ただ狂気に満ちた4つの死体だけが事件の証言者として残されていた。
『恐ろしい猟奇殺人です。現場には警察の特殊捜査チームが駆けつけ、一家4人を惨殺した冷血な殺人鬼の追跡捜査を行っています。一刻も早く、事件が解決するのを祈るばかりです』
女性レポーターは惨劇を目撃した被害者気取りで顔と声に悲痛さをこめ、テレビの向こうからホルマジオに訴えかけてきた。
ホルマジオはソファの背に片腕を置き、空いた方の手で炭酸水の瓶をあおった。
(リゾットとプロシュートの仕事だな…)
起きたばかりの喉を通る炭酸が心地よい。内側から刺激されて、体と脳が起きる感じがする。
片手で頭をぼりぼりかきながら眺めていると、テレビ画面はやけにバカ明るい天気予報に変わった。
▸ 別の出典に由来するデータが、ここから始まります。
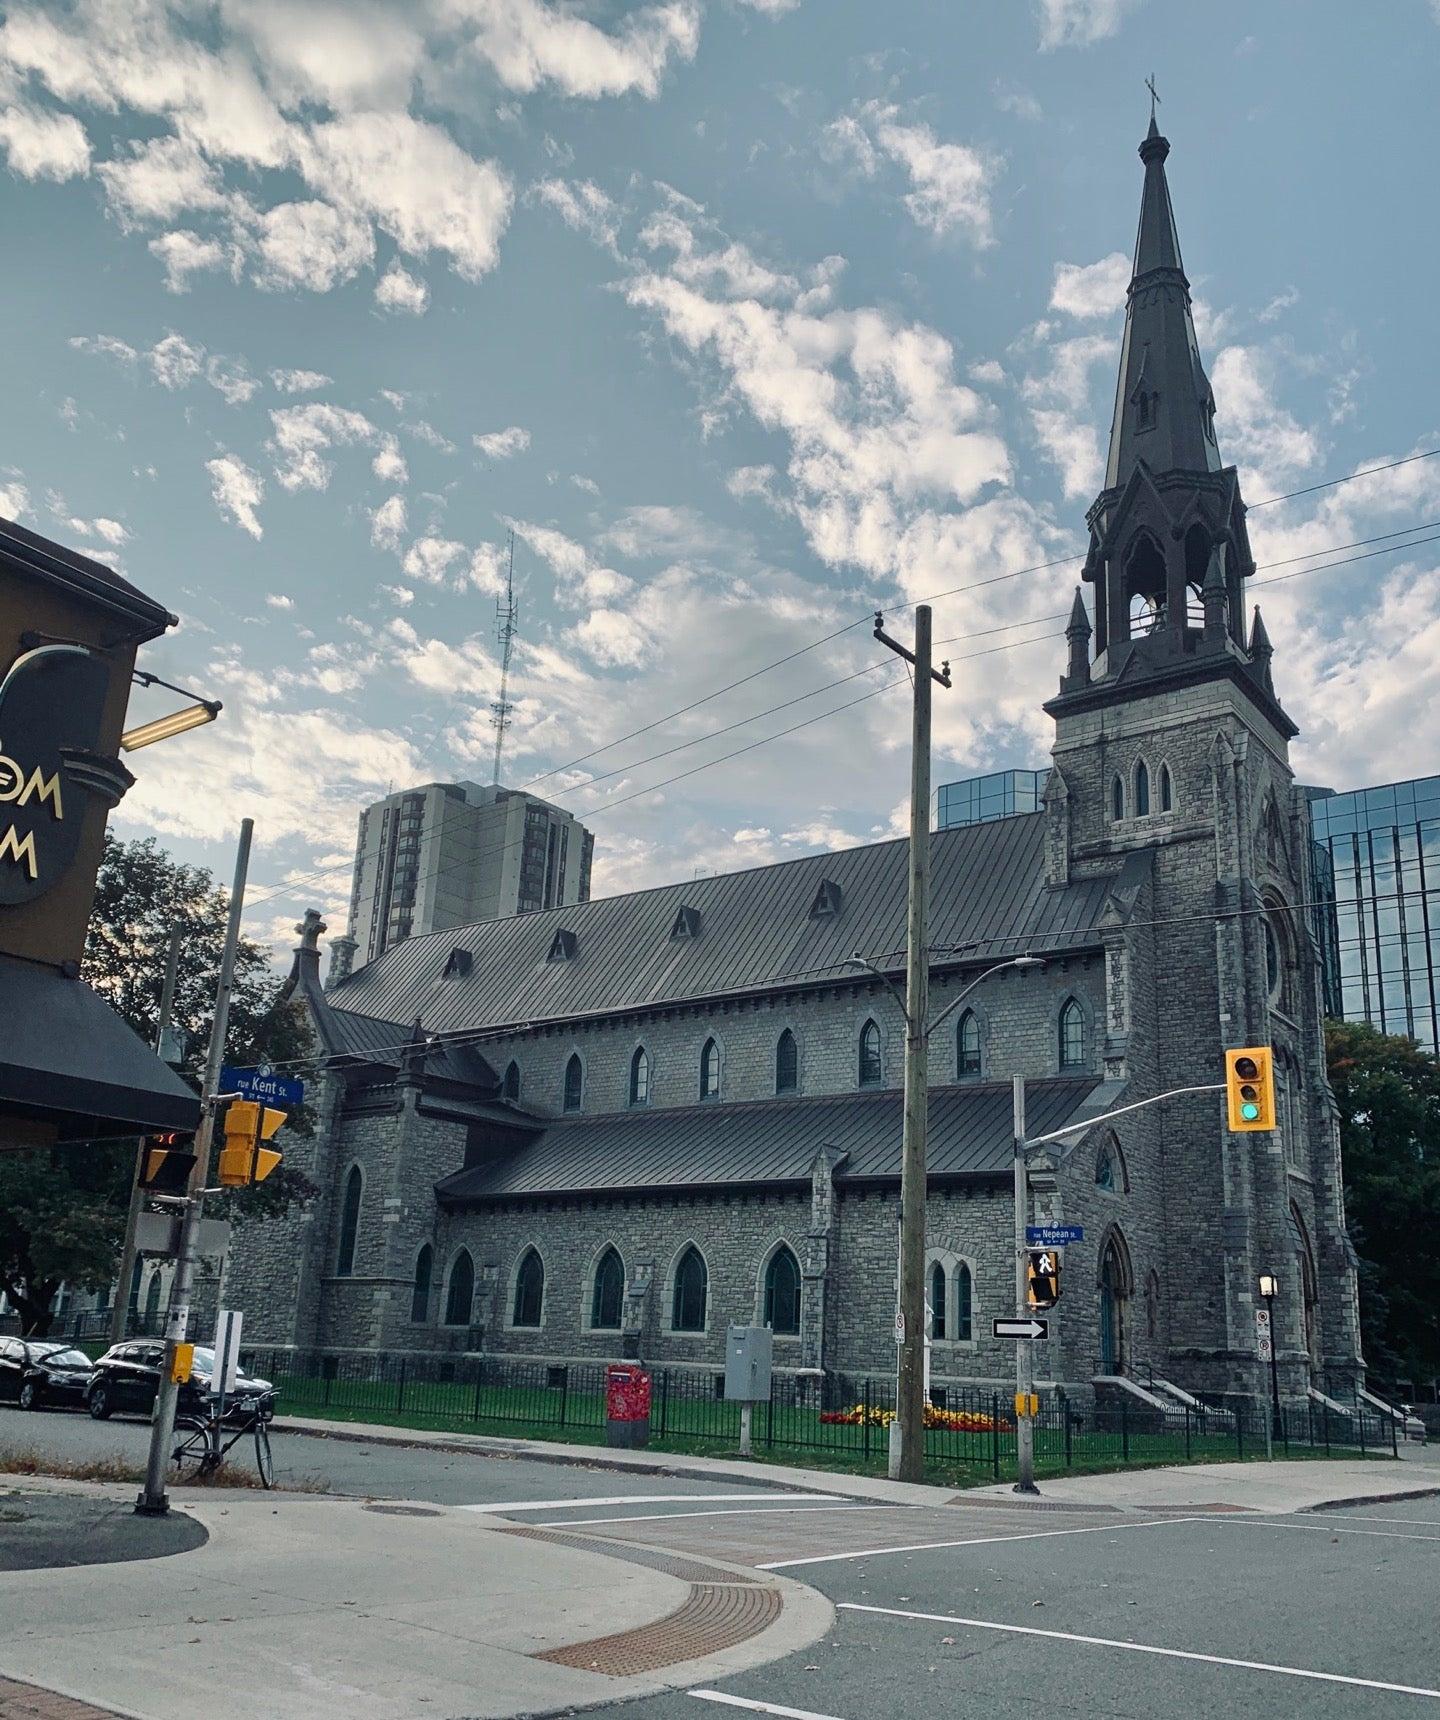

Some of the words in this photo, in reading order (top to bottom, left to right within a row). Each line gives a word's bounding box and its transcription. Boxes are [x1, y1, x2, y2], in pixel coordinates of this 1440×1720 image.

なんだ?と思って顔だけ振り向くと、ソファの後ろに立つギアッチョが、リモコンをテレビに向けて勝手にチャンネルを回している。
「なんかおもしろい番組はやってねえのかァ〜?つまんねーニュースじゃなくてよォ」
「ギアッチョおめー…メガネ変えた?」
人を殺すことは生活の一部だから今さら確認すべきことじゃない。水を飲む、テレビを見る、それと同じレベルのこと。スタンド使いであることは、そうゆうことだった。呼吸の次ぐらい簡単に人を殺す。悪意のない、無邪気な所作で。その意味で彼らはたしかに悪人なのだ。